(Free-text object descriptions)
**********
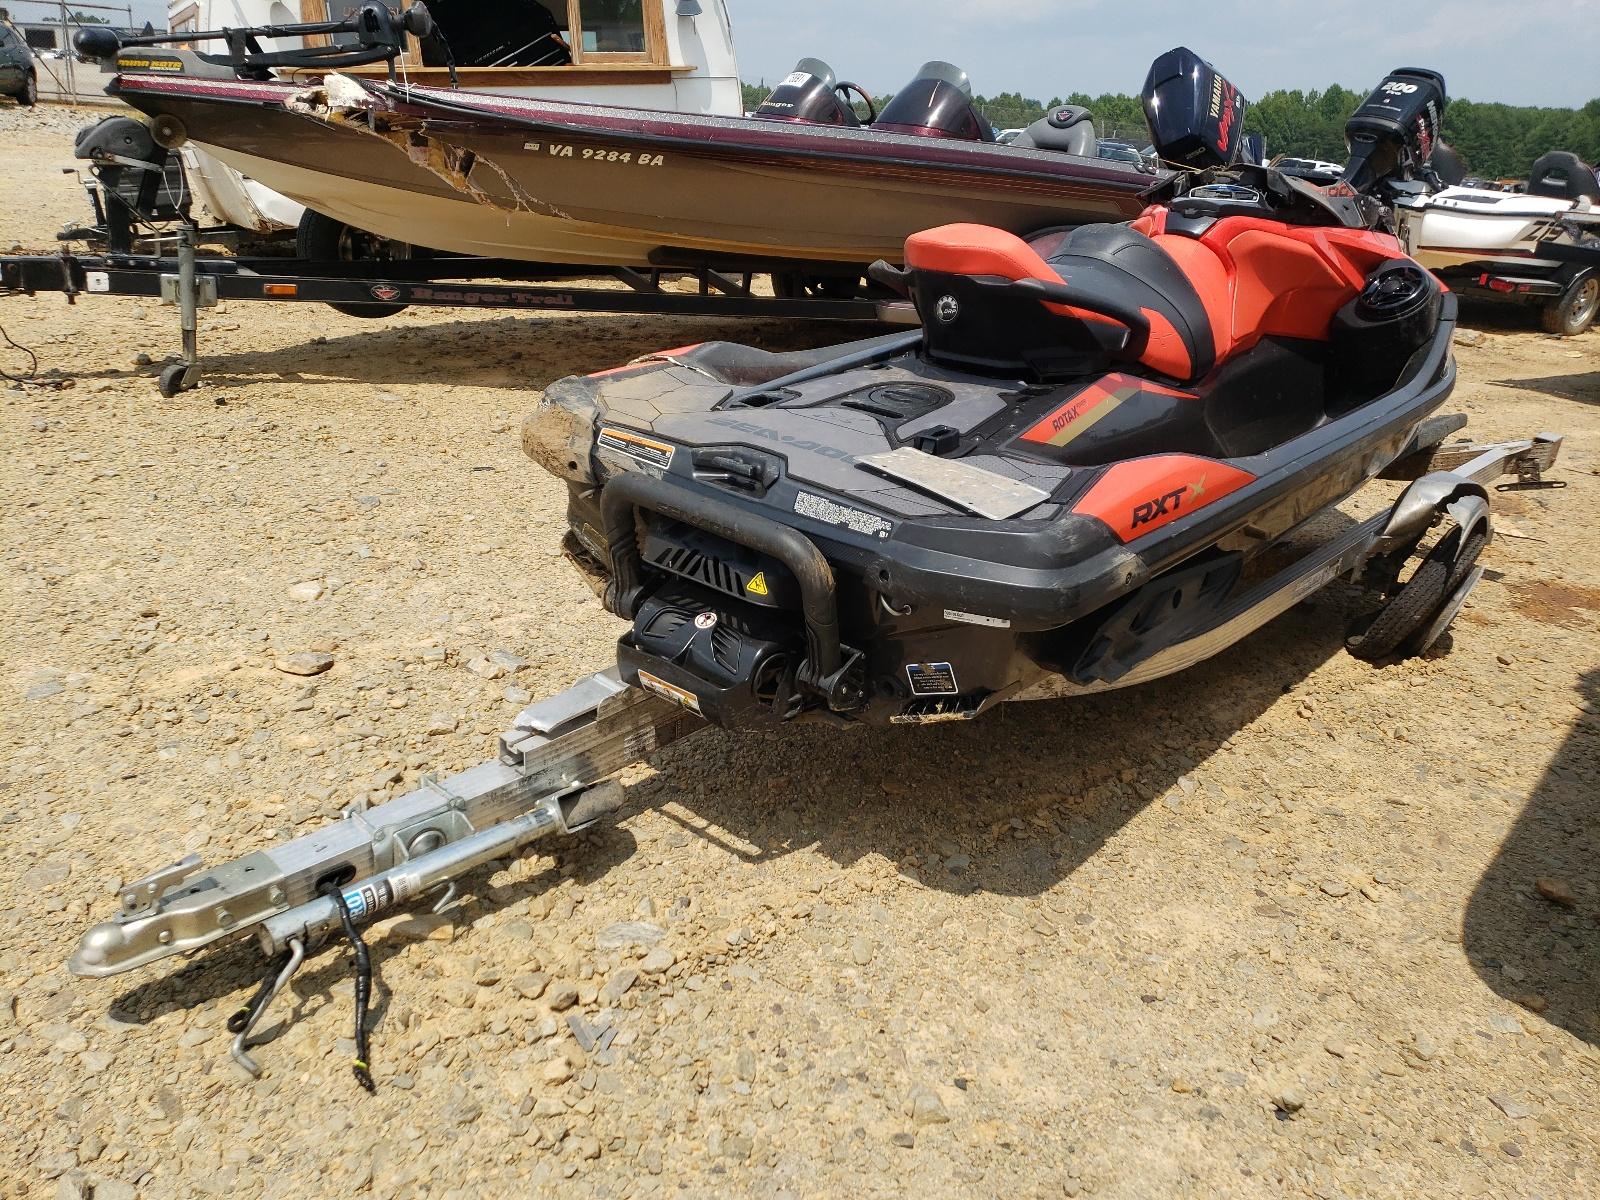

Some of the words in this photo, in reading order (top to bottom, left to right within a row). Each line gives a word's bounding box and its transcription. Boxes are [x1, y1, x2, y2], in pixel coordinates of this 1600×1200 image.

[1210, 74, 1222, 119] YAMAHA
[1380, 81, 1418, 94] 200
[549, 144, 573, 157] VA
[582, 148, 631, 163] 9284
[637, 153, 664, 166] BA
[410, 287, 509, 304] Ranger
[512, 292, 574, 305] Trail
[1052, 405, 1080, 432] ROTAX
[1130, 485, 1187, 529] RXT
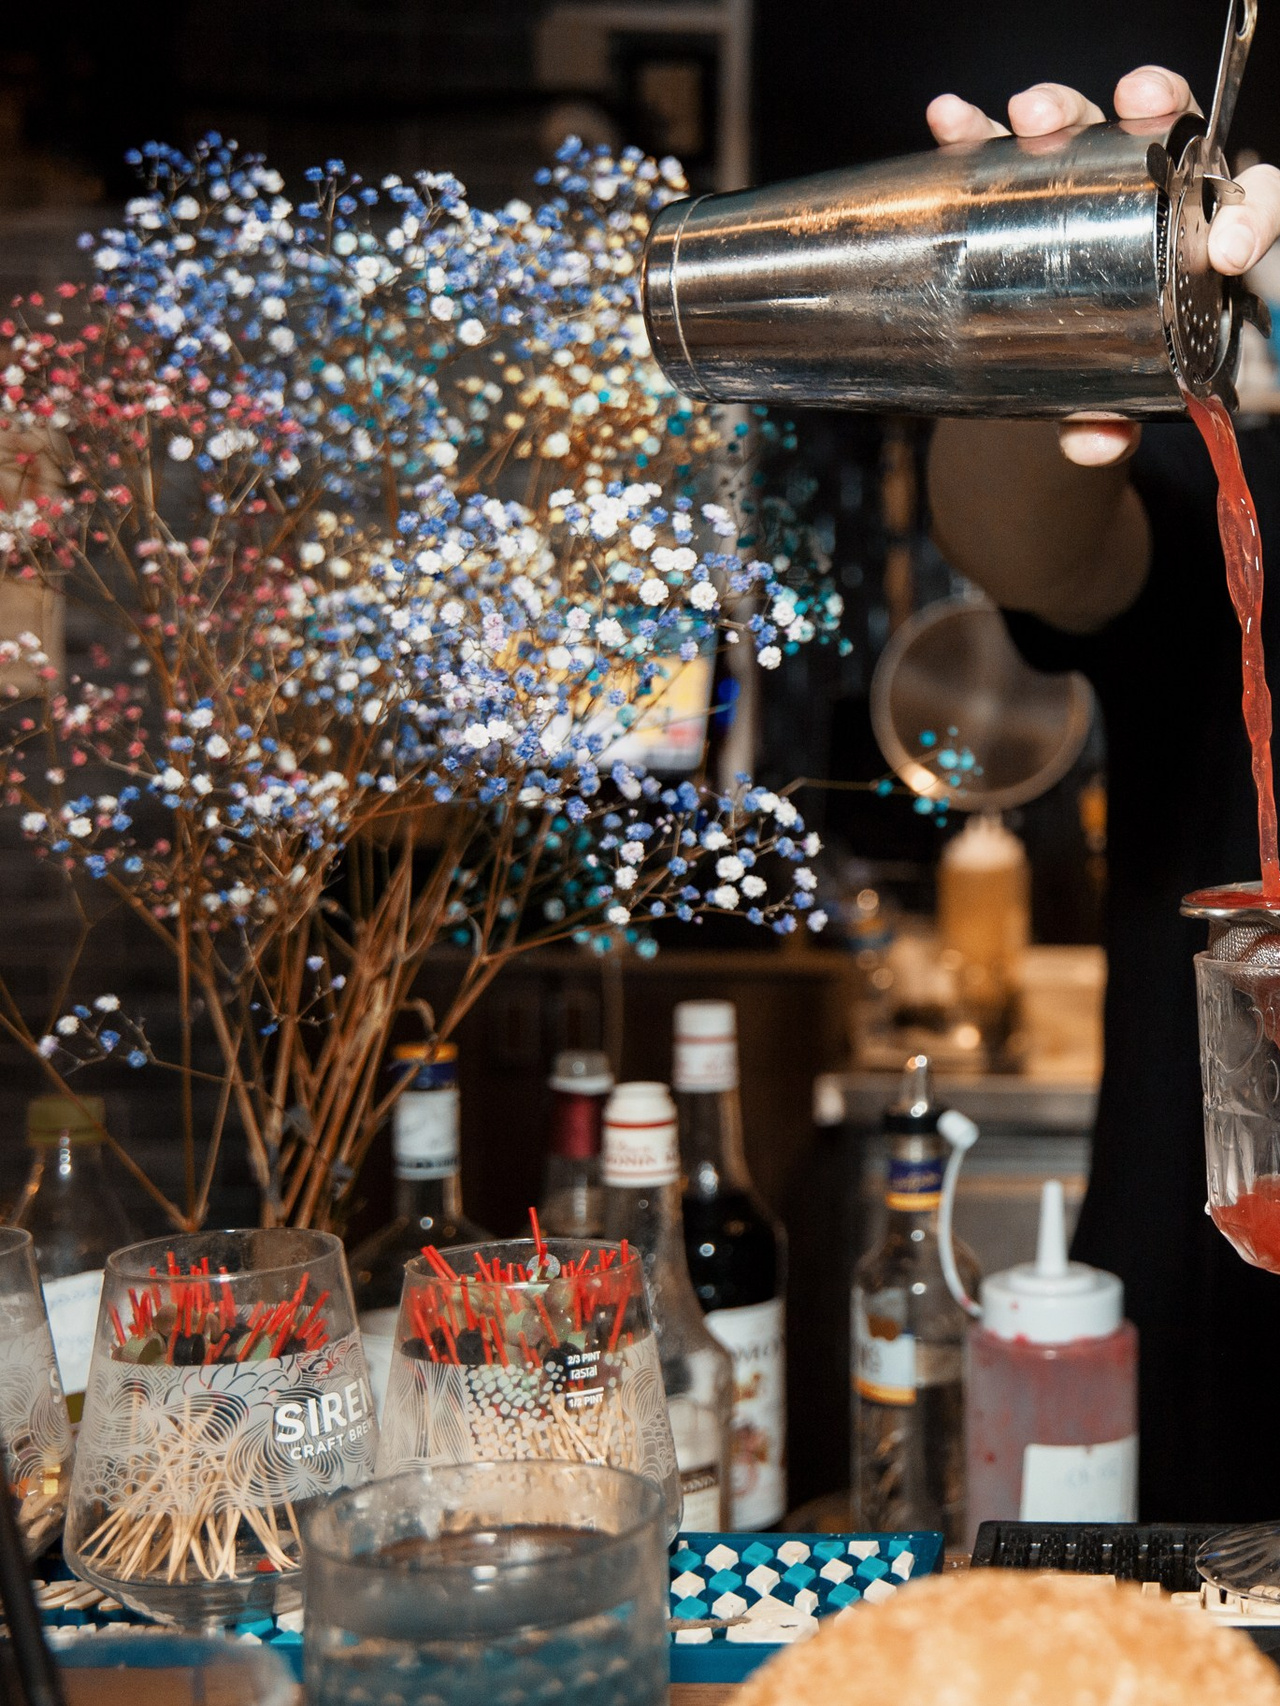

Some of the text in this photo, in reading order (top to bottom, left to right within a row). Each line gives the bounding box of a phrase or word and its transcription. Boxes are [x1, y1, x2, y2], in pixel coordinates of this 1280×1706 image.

[566, 1350, 601, 1366] 2/3 PINT
[567, 1393, 604, 1408] 1/2 PINT
[289, 1433, 345, 1461] CRAFT
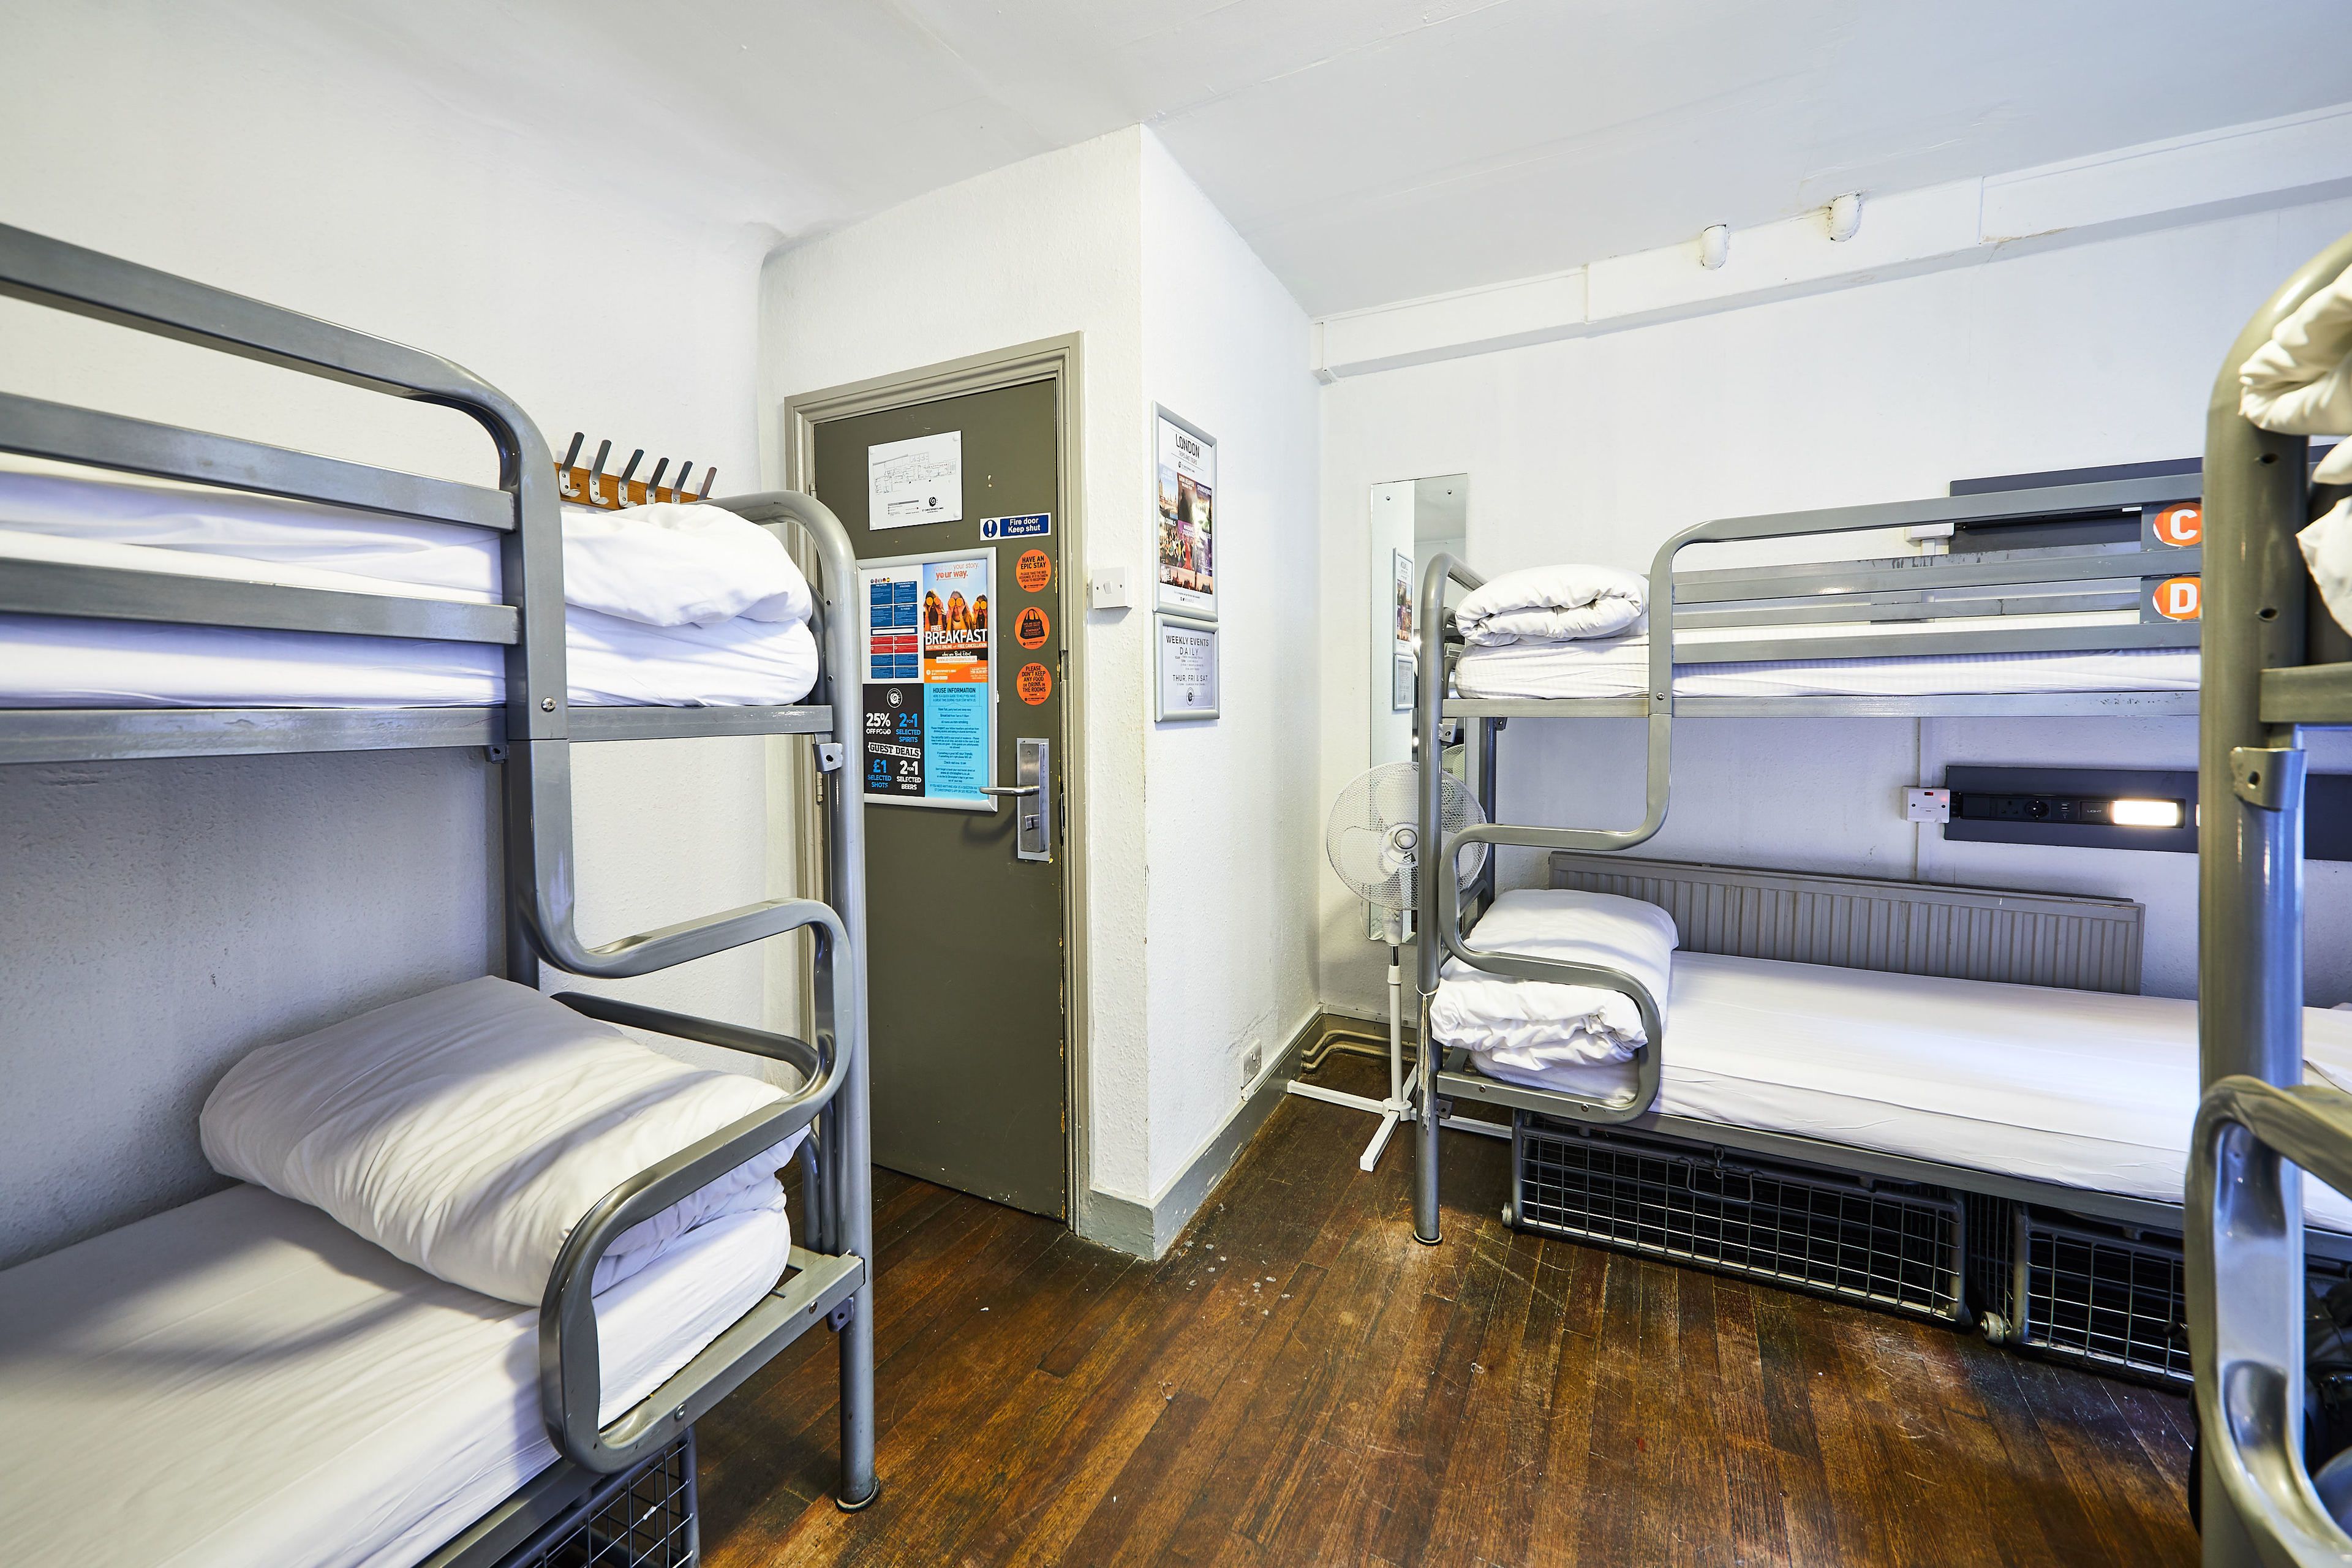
**********
• **The task**
Print the records verbatim, without pictures.

• **Response**
Some of the words in this photo, in reading order (top to bottom, left to right within a row). Each line gives a word's bounding box and its transcription. Boxes are [x1, y1, x2, y2], in pixel coordinates of this 1600×1200 image.

[1210, 74, 1222, 119] YAMAHA
[1380, 81, 1418, 94] 200
[549, 144, 573, 157] VA
[582, 148, 631, 163] 9284
[637, 153, 664, 166] BA
[410, 287, 509, 304] Ranger
[512, 292, 574, 305] Trail
[1052, 405, 1080, 432] ROTAX
[1130, 485, 1187, 529] RXT

Some of the text in this photo, in reading order (top to bottom, left to right within a row). Each line gives the bounding box of a phrase or word and its transcription. Boxes are [x1, y1, x2, y2], in pixel coordinates of this 1280×1706 image.

[566, 1350, 601, 1366] 2/3 PINT
[567, 1393, 604, 1408] 1/2 PINT
[289, 1433, 345, 1461] CRAFT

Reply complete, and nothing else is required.